> **What the task requires**
All entries below are to be returned exactly, with pictures left out.

START Materials provided

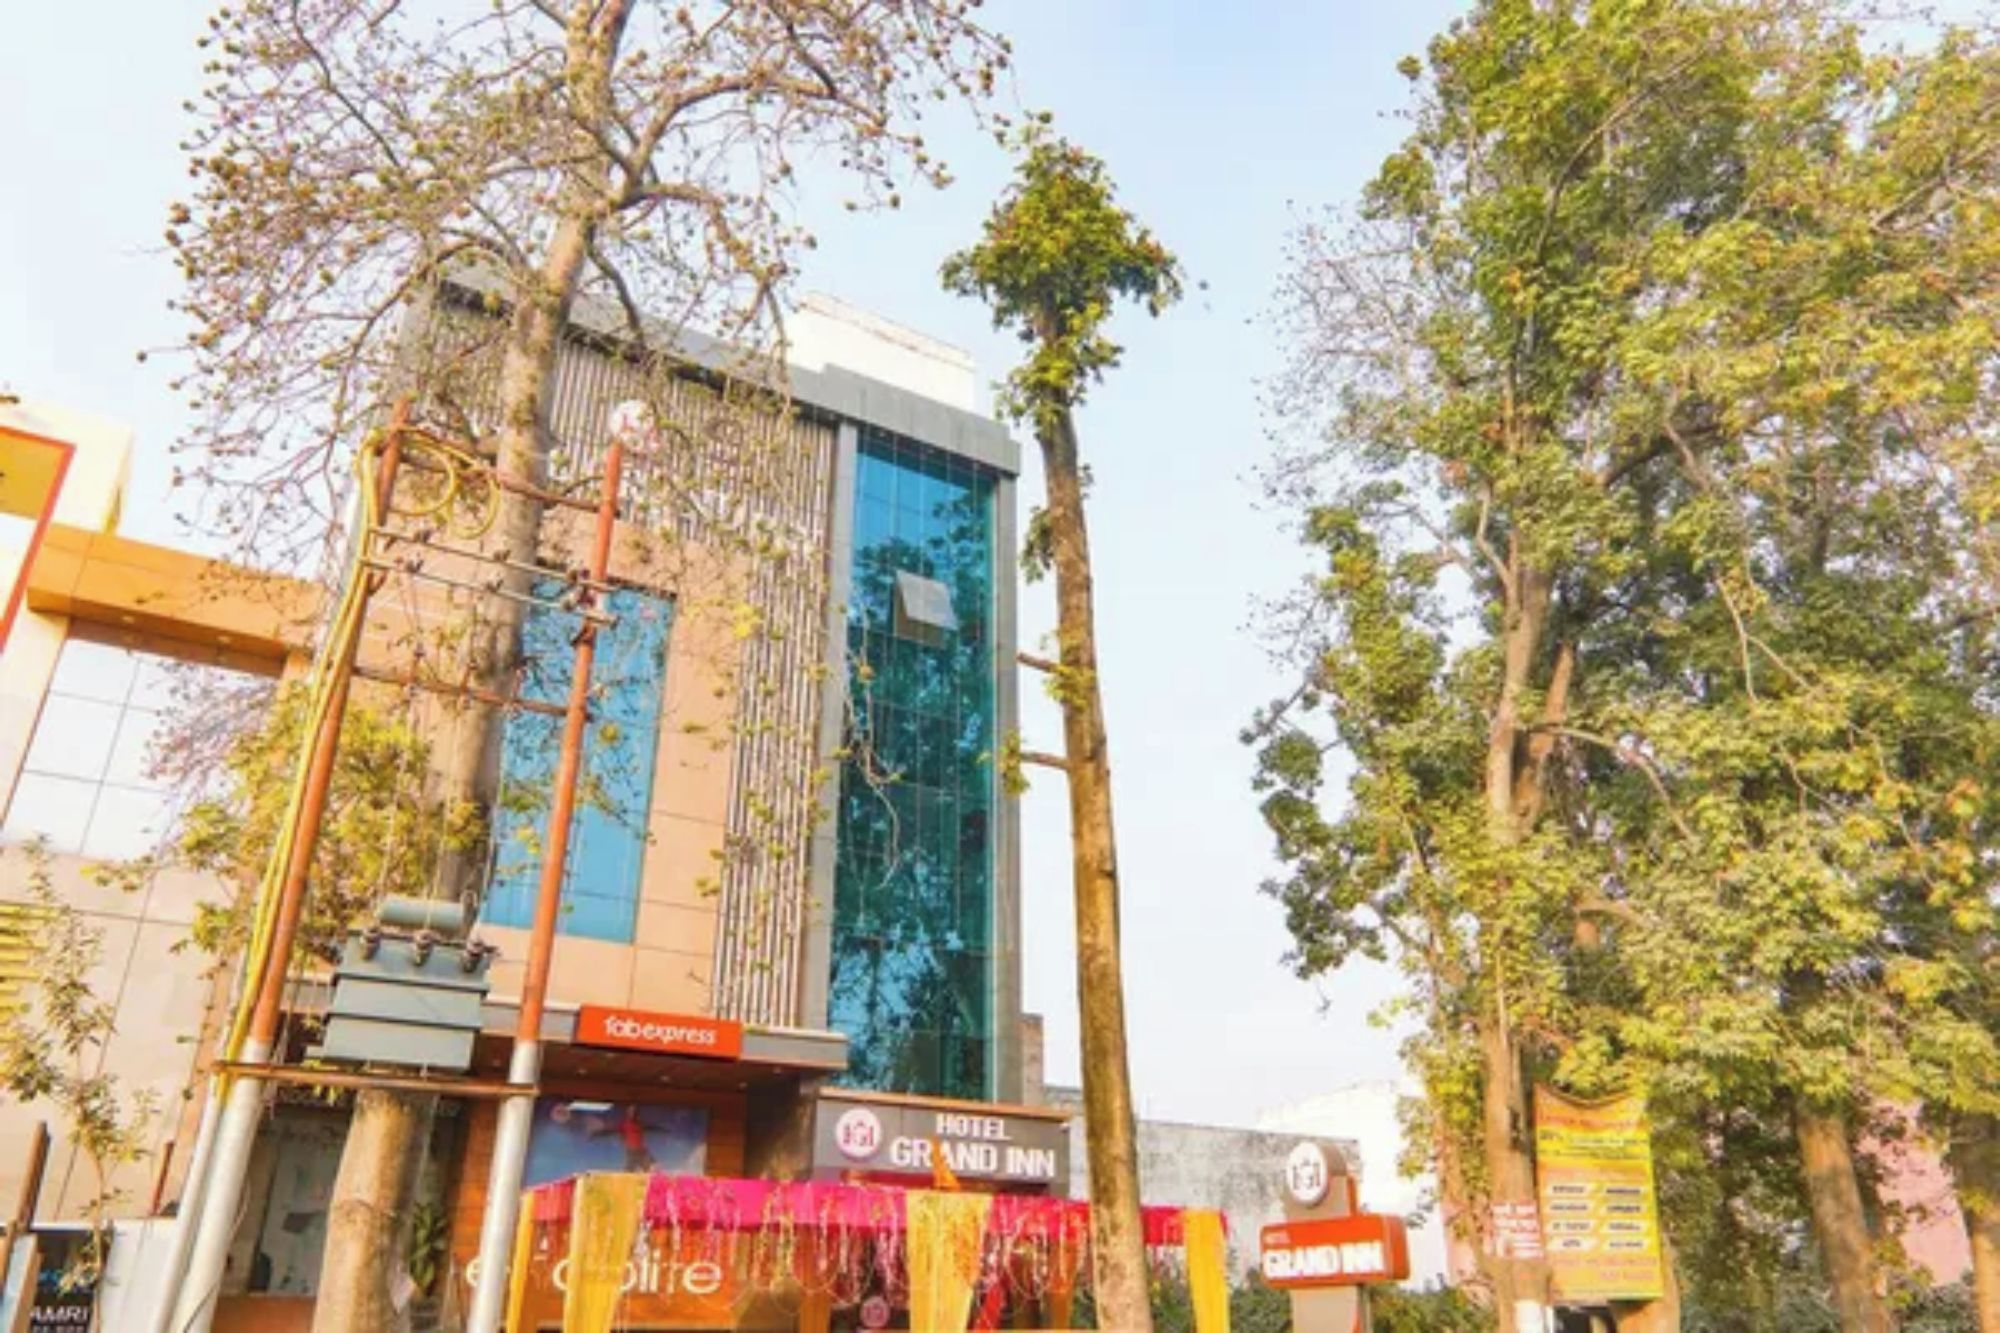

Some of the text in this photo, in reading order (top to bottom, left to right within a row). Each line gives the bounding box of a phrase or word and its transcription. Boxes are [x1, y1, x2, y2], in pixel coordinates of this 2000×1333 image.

[604, 1015, 716, 1046] fabexpress
[935, 1112, 1011, 1141] HOTEL
[890, 1136, 1056, 1178] GRAND INN
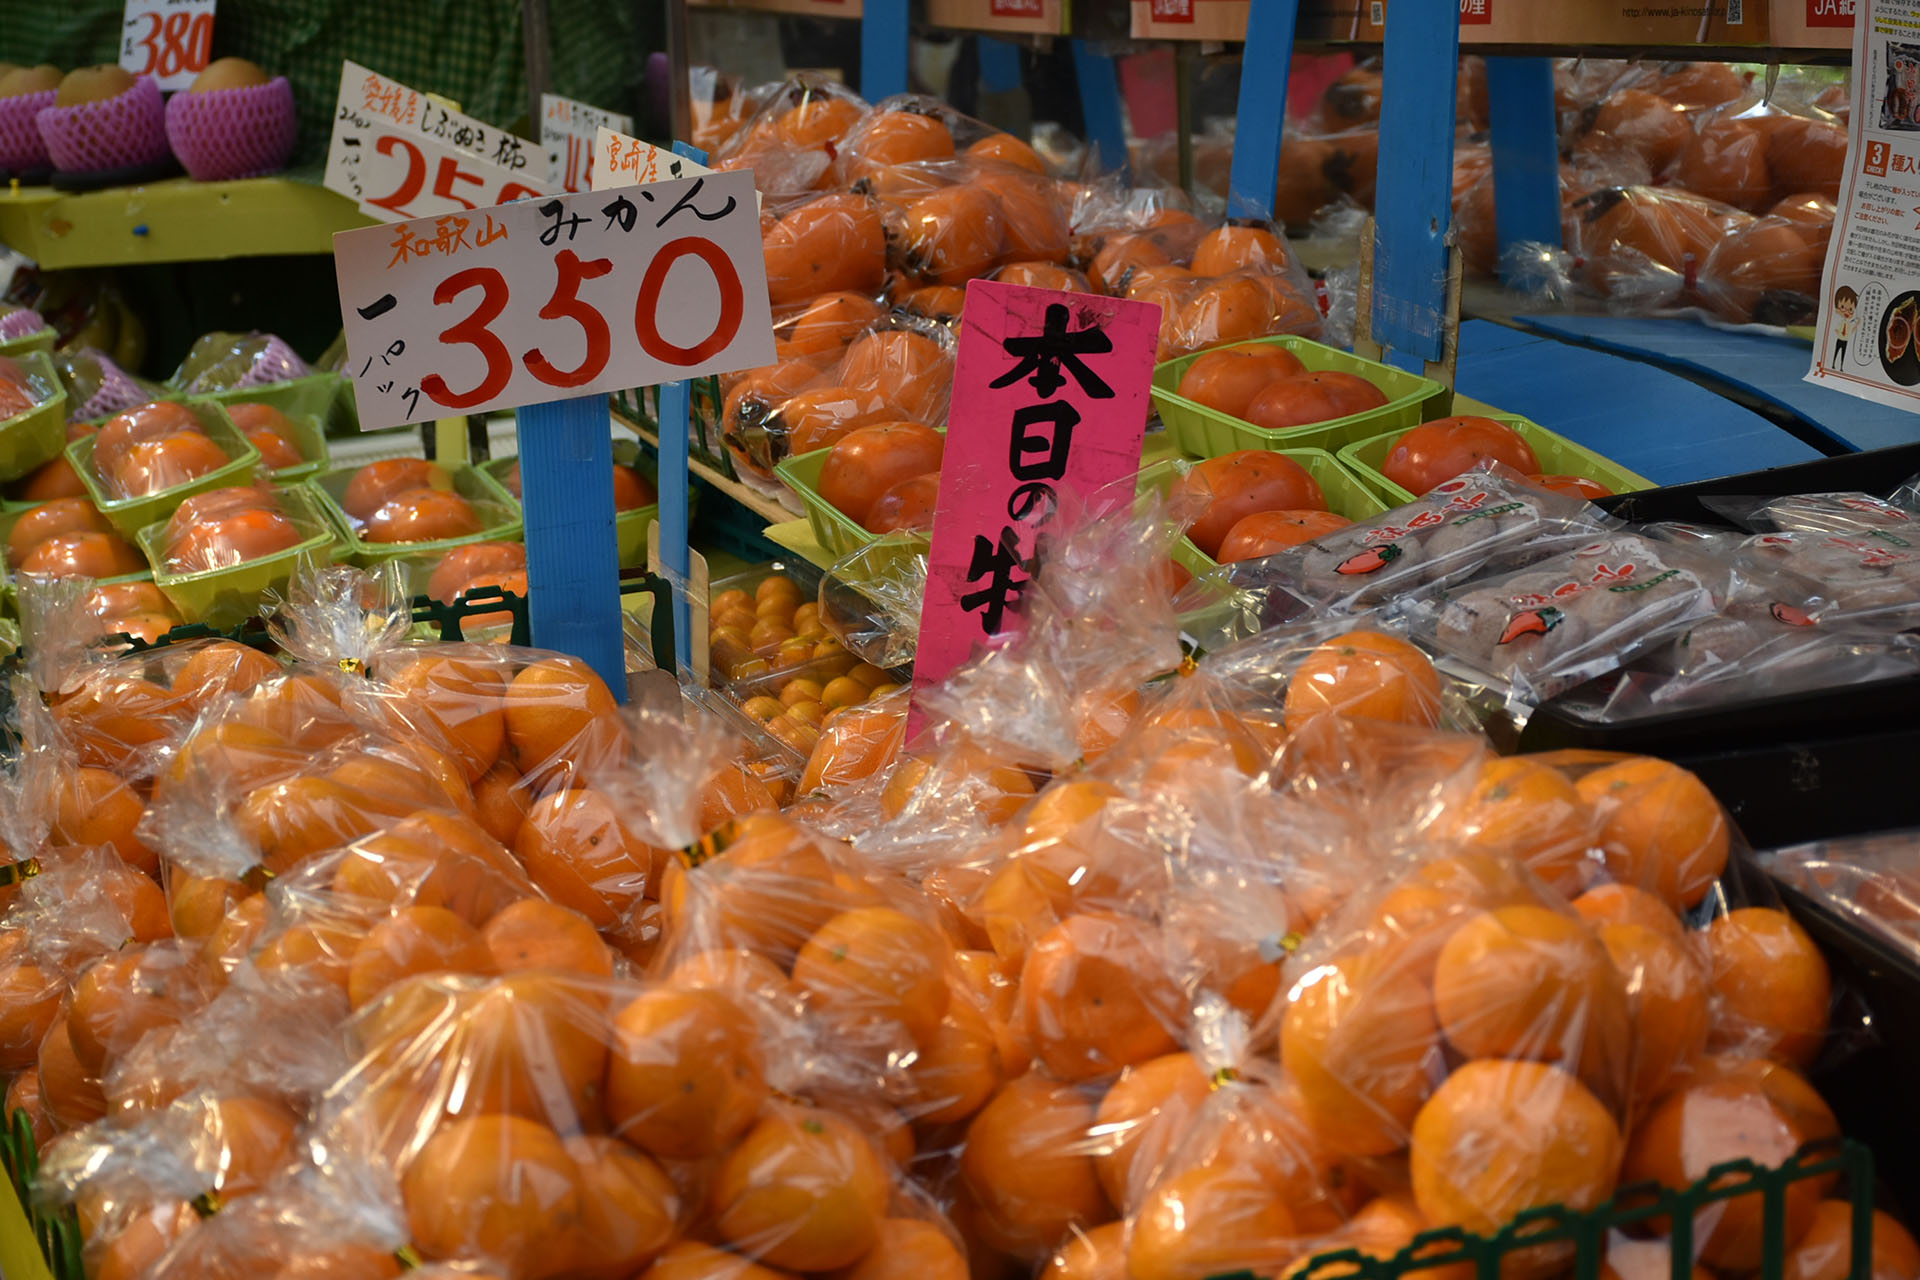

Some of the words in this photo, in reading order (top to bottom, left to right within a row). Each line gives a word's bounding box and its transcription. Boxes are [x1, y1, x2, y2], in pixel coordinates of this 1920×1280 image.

[131, 12, 214, 78] 380
[1872, 143, 1883, 165] 3
[1891, 153, 1920, 175] 種入
[387, 213, 508, 270] 和歌山
[539, 178, 737, 246] みかん
[420, 236, 744, 409] 350

END Materials provided

> **Reply**
Some of the text in this photo, in reading order (top to bottom, left to right within a row). Each line gives the bounding box of a phrase or word and its transcription. Boxes are [x1, y1, x2, y2], in pixel coordinates of this 2000×1333 image.

[604, 1015, 716, 1046] fabexpress
[935, 1112, 1011, 1141] HOTEL
[890, 1136, 1056, 1178] GRAND INN

Some of the words in this photo, in reading order (top to bottom, left to right within a row). Each line gives a word's bounding box and its transcription. Boxes are [x1, y1, x2, y2], in pixel coordinates of this 1920×1280 image.

[131, 12, 214, 78] 380
[1872, 143, 1883, 165] 3
[1891, 153, 1920, 175] 種入
[387, 213, 508, 270] 和歌山
[539, 178, 737, 246] みかん
[420, 236, 744, 409] 350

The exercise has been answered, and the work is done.